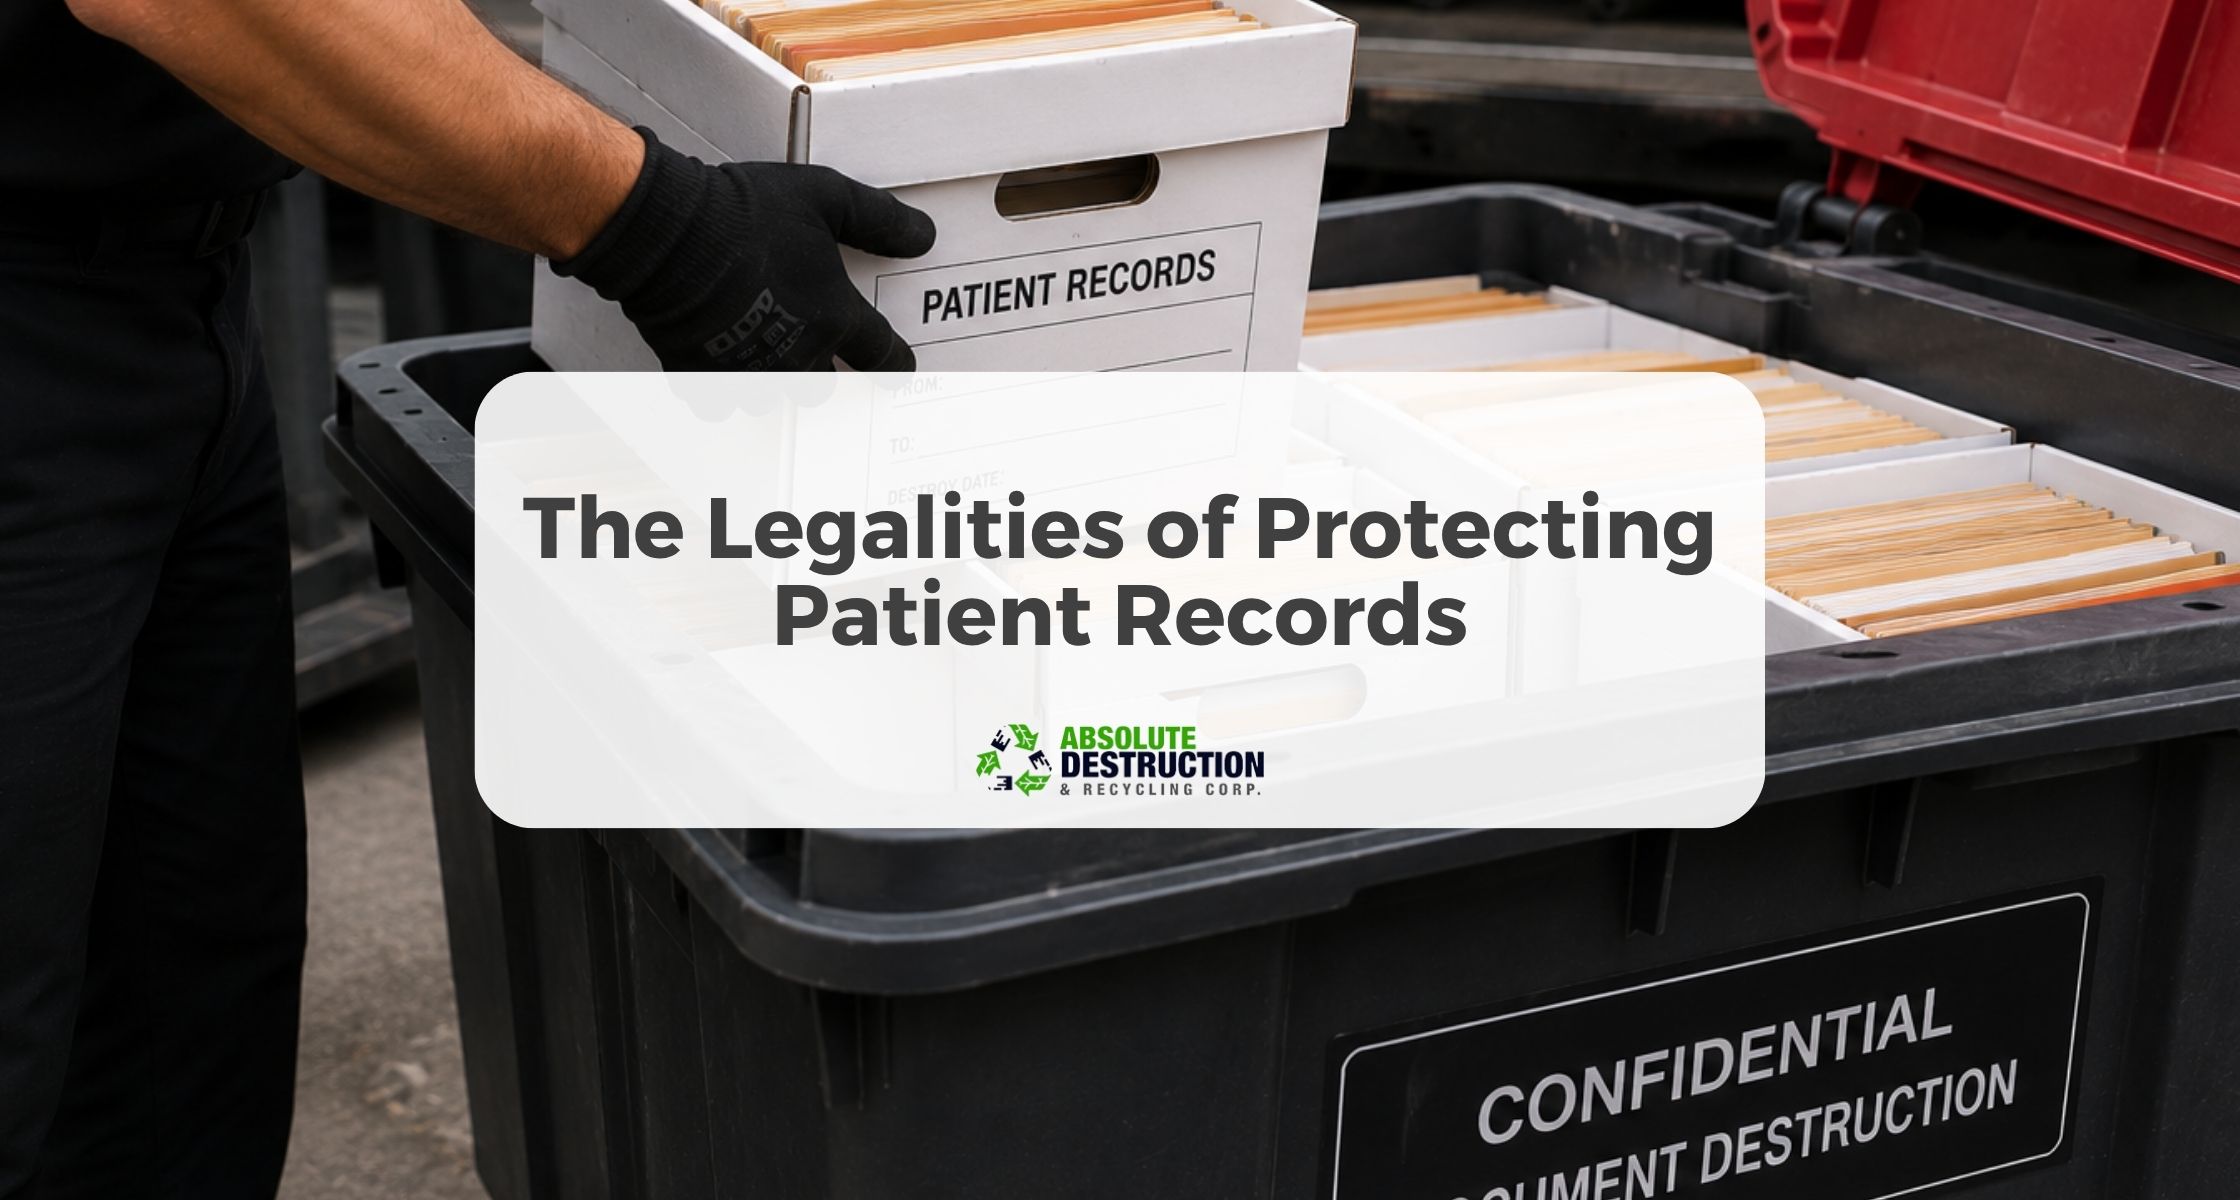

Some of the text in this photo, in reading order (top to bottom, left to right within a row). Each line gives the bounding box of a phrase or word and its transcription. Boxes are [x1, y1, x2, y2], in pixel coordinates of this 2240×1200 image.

[922, 249, 1217, 324] PATIENT RECORDS
[889, 436, 915, 455] TO:
[962, 469, 1005, 493] DATE:
[1478, 988, 1953, 1145] CONFIDENTIAL
[1450, 1058, 2019, 1200] MENT DESTRUCTION
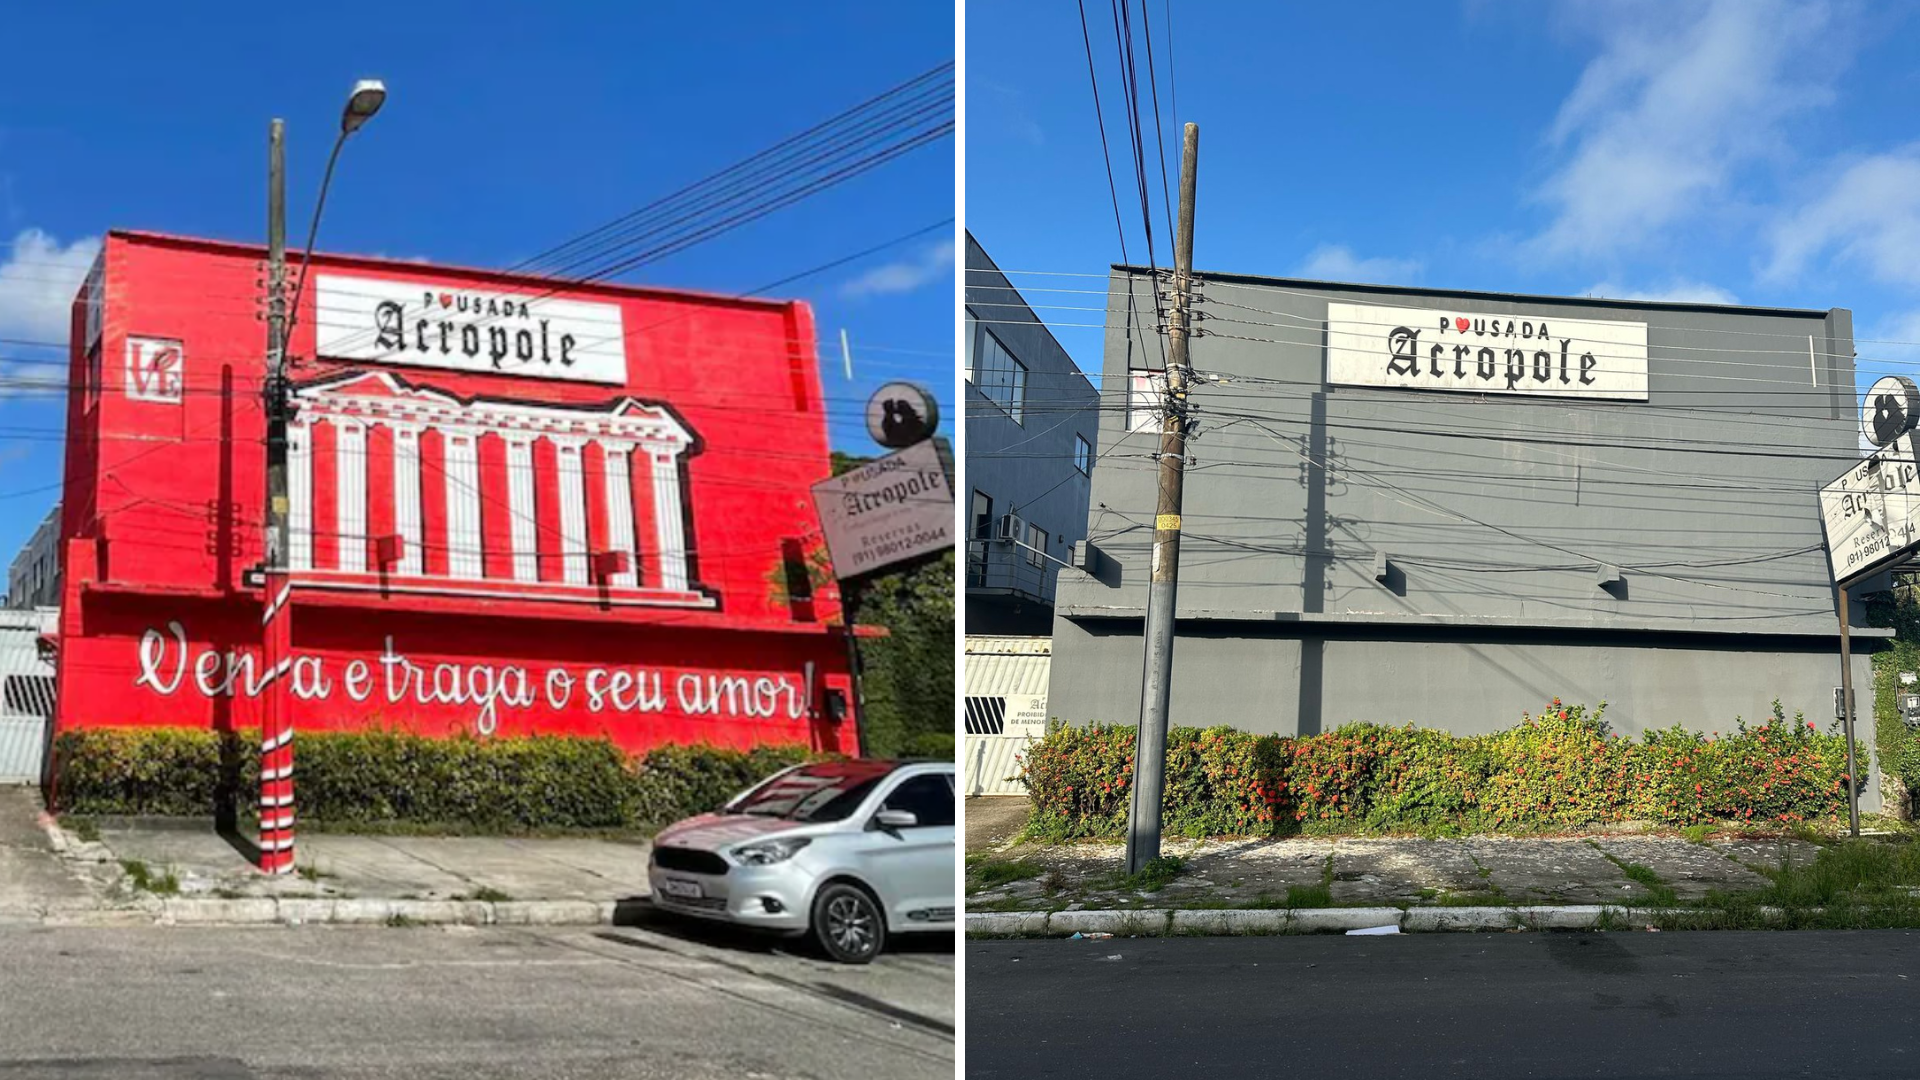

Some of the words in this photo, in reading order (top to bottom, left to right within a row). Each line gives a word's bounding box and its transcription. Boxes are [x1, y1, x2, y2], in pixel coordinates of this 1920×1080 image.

[374, 300, 577, 369] Acropole
[1386, 325, 1597, 391] Acropole
[843, 468, 940, 516] Acropole
[861, 523, 921, 548] Reservas
[852, 549, 876, 566] (91)
[1847, 549, 1864, 567] (91)
[136, 620, 332, 701] Vena
[344, 658, 374, 701] e
[379, 634, 537, 736] traga
[545, 667, 577, 710] o
[585, 668, 667, 713] seu
[1017, 711, 1046, 719] PROIBID
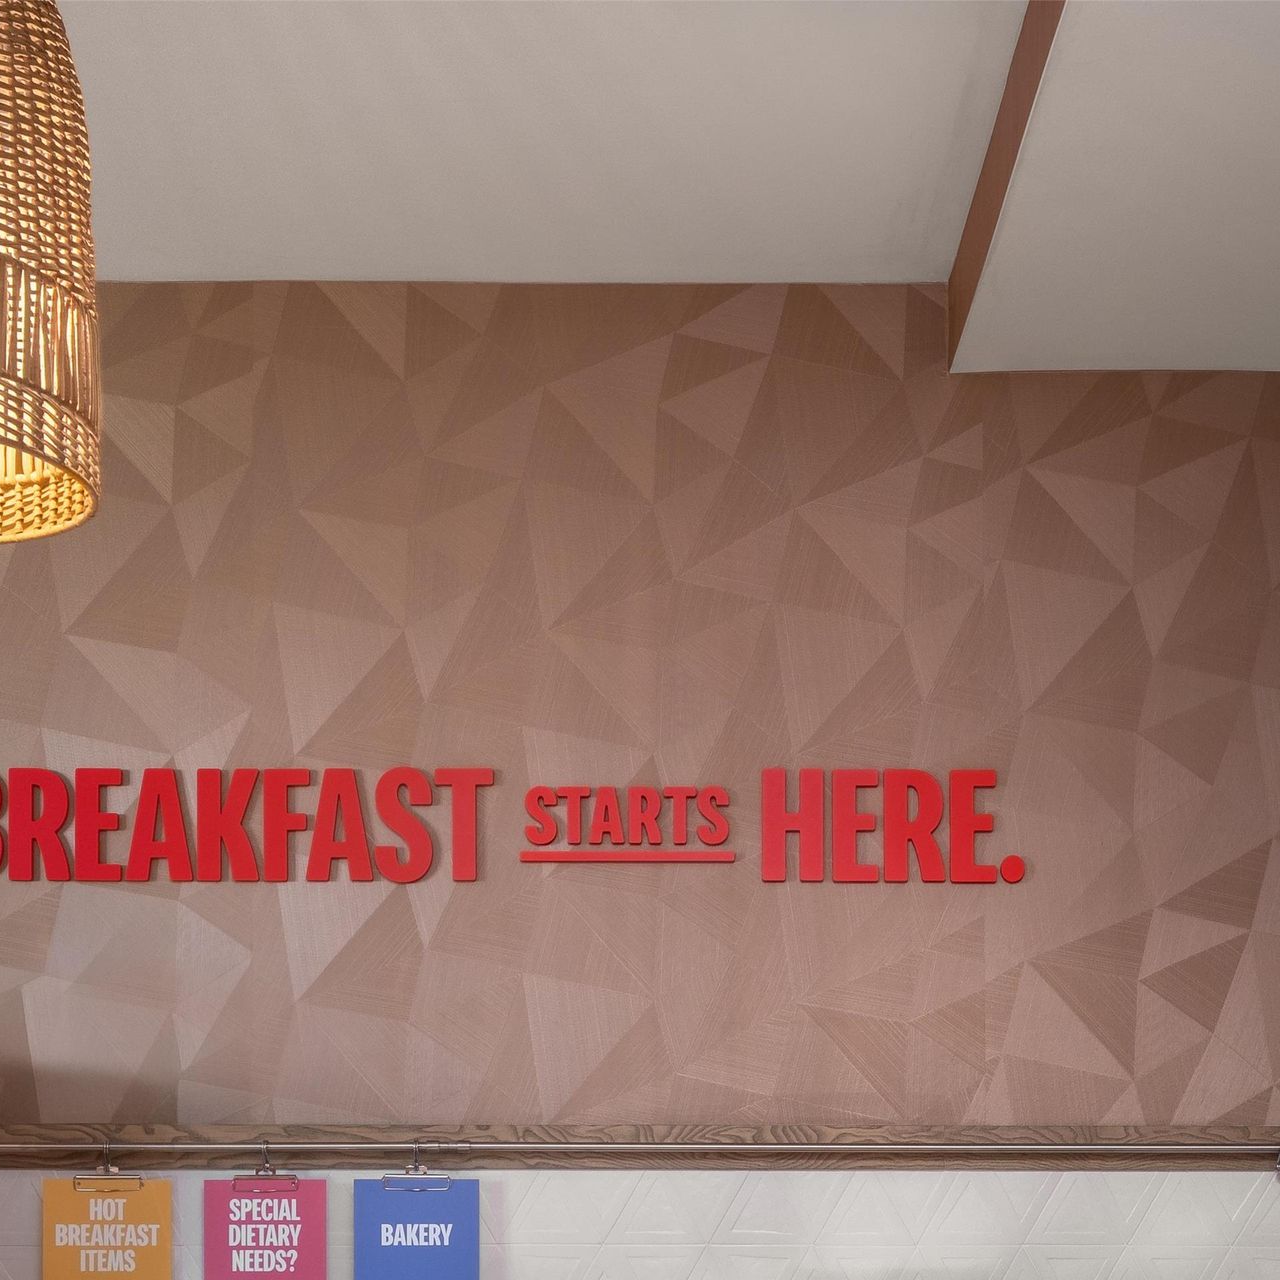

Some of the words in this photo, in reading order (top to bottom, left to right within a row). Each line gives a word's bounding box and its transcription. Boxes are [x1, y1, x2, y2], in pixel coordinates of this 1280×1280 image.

[523, 784, 731, 846] STARTS
[758, 767, 1027, 884] HERE.
[89, 1198, 126, 1221] HOT
[229, 1198, 301, 1222] SPECIAL
[55, 1224, 160, 1247] BREAKFAST
[228, 1223, 302, 1247] DIETARY
[381, 1223, 453, 1246] BAKERY
[80, 1249, 136, 1272] ITEMS
[231, 1249, 298, 1273] NEEDS?

——

| TASK BRIEF |
Print the entries above word for word, without pictures.

| RESULT OF THE TASK |
Some of the text in this photo, in reading order (top to bottom, left to right within a row). Each line gives the bounding box of a phrase or word and its transcription. Boxes are [x1, y1, x2, y2], in pixel coordinates of this 2240×1200 image.

[922, 249, 1217, 324] PATIENT RECORDS
[889, 436, 915, 455] TO:
[962, 469, 1005, 493] DATE:
[1478, 988, 1953, 1145] CONFIDENTIAL
[1450, 1058, 2019, 1200] MENT DESTRUCTION

Some of the words in this photo, in reading order (top to bottom, left to right within a row). Each line gives a word's bounding box and its transcription. Boxes are [x1, y1, x2, y2], in pixel coordinates of this 1920×1080 image.

[374, 300, 577, 369] Acropole
[1386, 325, 1597, 391] Acropole
[843, 468, 940, 516] Acropole
[861, 523, 921, 548] Reservas
[852, 549, 876, 566] (91)
[1847, 549, 1864, 567] (91)
[136, 620, 332, 701] Vena
[344, 658, 374, 701] e
[379, 634, 537, 736] traga
[545, 667, 577, 710] o
[585, 668, 667, 713] seu
[1017, 711, 1046, 719] PROIBID

Some of the words in this photo, in reading order (top to bottom, left to right within a row). Each line gives a word's bounding box and its transcription. Boxes are [x1, y1, x2, y2], in pixel coordinates of this 1280×1280 image.

[523, 784, 731, 846] STARTS
[758, 767, 1027, 884] HERE.
[89, 1198, 126, 1221] HOT
[229, 1198, 301, 1222] SPECIAL
[55, 1224, 160, 1247] BREAKFAST
[228, 1223, 302, 1247] DIETARY
[381, 1223, 453, 1246] BAKERY
[80, 1249, 136, 1272] ITEMS
[231, 1249, 298, 1273] NEEDS?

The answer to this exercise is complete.